Kitten eye issue! Scarring?

by Amber Z.


I posted this under a comment then found this and thought it may be a better place for it.

I rescued two Hemingway kittens at 7 weeks old. One has an eye that has a fleshy like build up that is non painful. His retina still has dilation, he has no discharge and holds the eye normally.

He was at the vet and the Dr thought it may be that his eye didn't open at the right time causing issue with eye. He put him on neomycin and polymyxin B for BID X 7days.

My question is what is it? If it is scarring will it take over the eye? and if so is there anything I can do to prevent this take over?

Dear Amber,

How wonderful of you to rescue the kittens and to seek medical care for them. Unfortunately, without a picture or a more detailed description, I do not know where the "fleshy build-up" is located. Is it protruding from the cornea? Or is it associated with the tissue surrounding the eye - the conjunctiva?
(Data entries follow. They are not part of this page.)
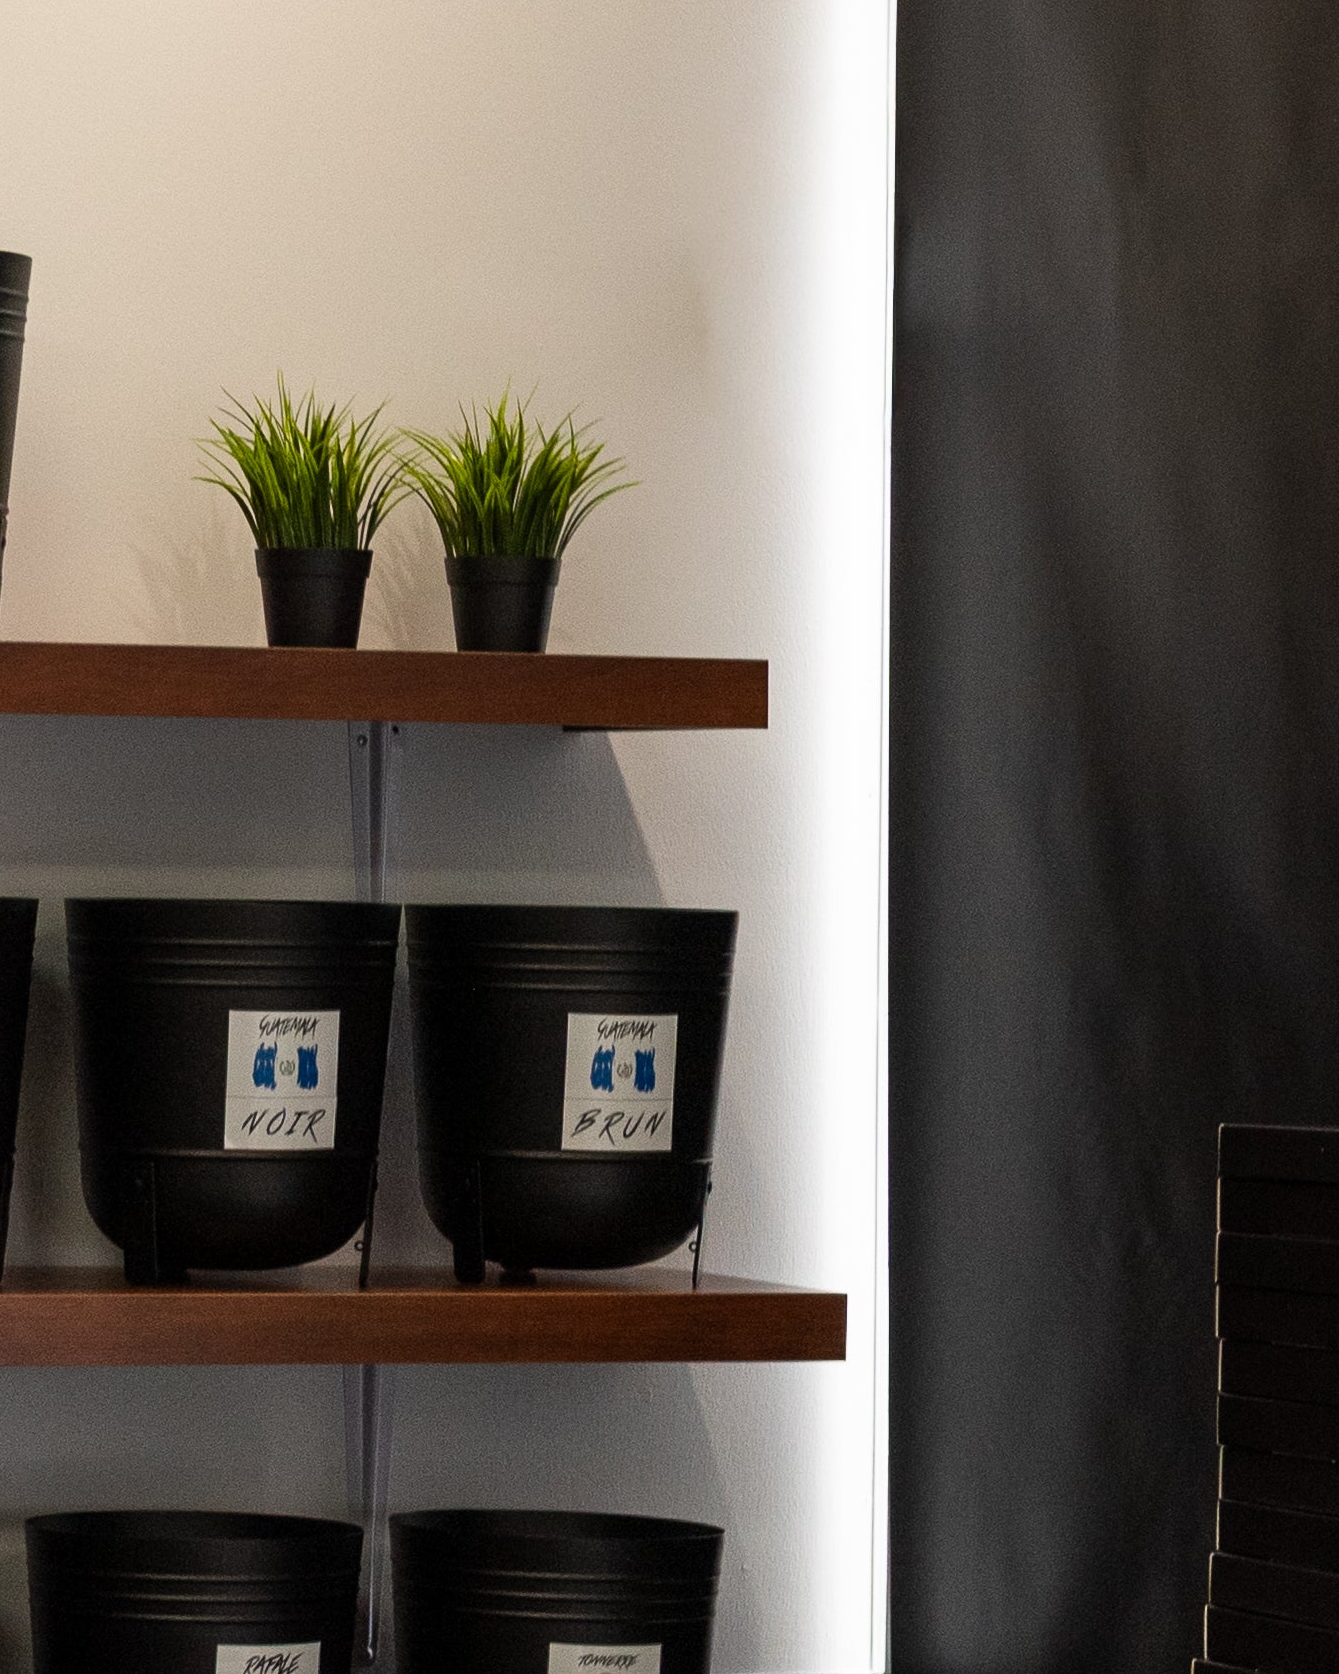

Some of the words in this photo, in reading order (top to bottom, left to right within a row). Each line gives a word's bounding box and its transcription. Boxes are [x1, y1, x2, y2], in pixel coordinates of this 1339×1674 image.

[258, 1014, 320, 1040] GUATEMALA
[597, 1018, 658, 1044] GUATEMALA
[241, 1107, 327, 1143] NOIR
[570, 1109, 667, 1146] BRUN
[577, 1653, 641, 1670] TONNERRE
I could give you a better answer if you want to write back and describe it in detail. A picture would be great also.

It if most likely a result of a herpes virus (not contagious to people). If it is protruding from the cornea, there was most likely an ulceration of the cornea that ruptured and the protrusion is a normal attempt by the body to seal the opening.

If it is the tissue around the eye, herpes can also lead to severe infection and inflammation of that part of the eye also.
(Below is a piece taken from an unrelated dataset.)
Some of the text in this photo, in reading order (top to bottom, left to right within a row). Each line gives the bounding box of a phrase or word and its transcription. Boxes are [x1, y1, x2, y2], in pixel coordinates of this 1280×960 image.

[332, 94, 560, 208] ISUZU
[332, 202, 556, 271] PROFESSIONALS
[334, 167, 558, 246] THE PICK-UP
Long-term antibiotics are indicated in either case. I prefer Tobramycin in such serious cases. Also, anti-viral eye drops would be indicated in either case.

Most cases of herpes in kittens eventually resolve with the above meds, but do leave some scarring. Sometimes the scarring is severe enough that the kitten may not be able to see out of one or both eyes. If treated early and aggressively, the scarring may be minimal and the kitten still have good vision. My best results have ALWAYS been when the kitten receives antibiotics and anti-viral drops for a long period of time.

Feel free to write back and include a picture if possible or more details about the appearance of the eye.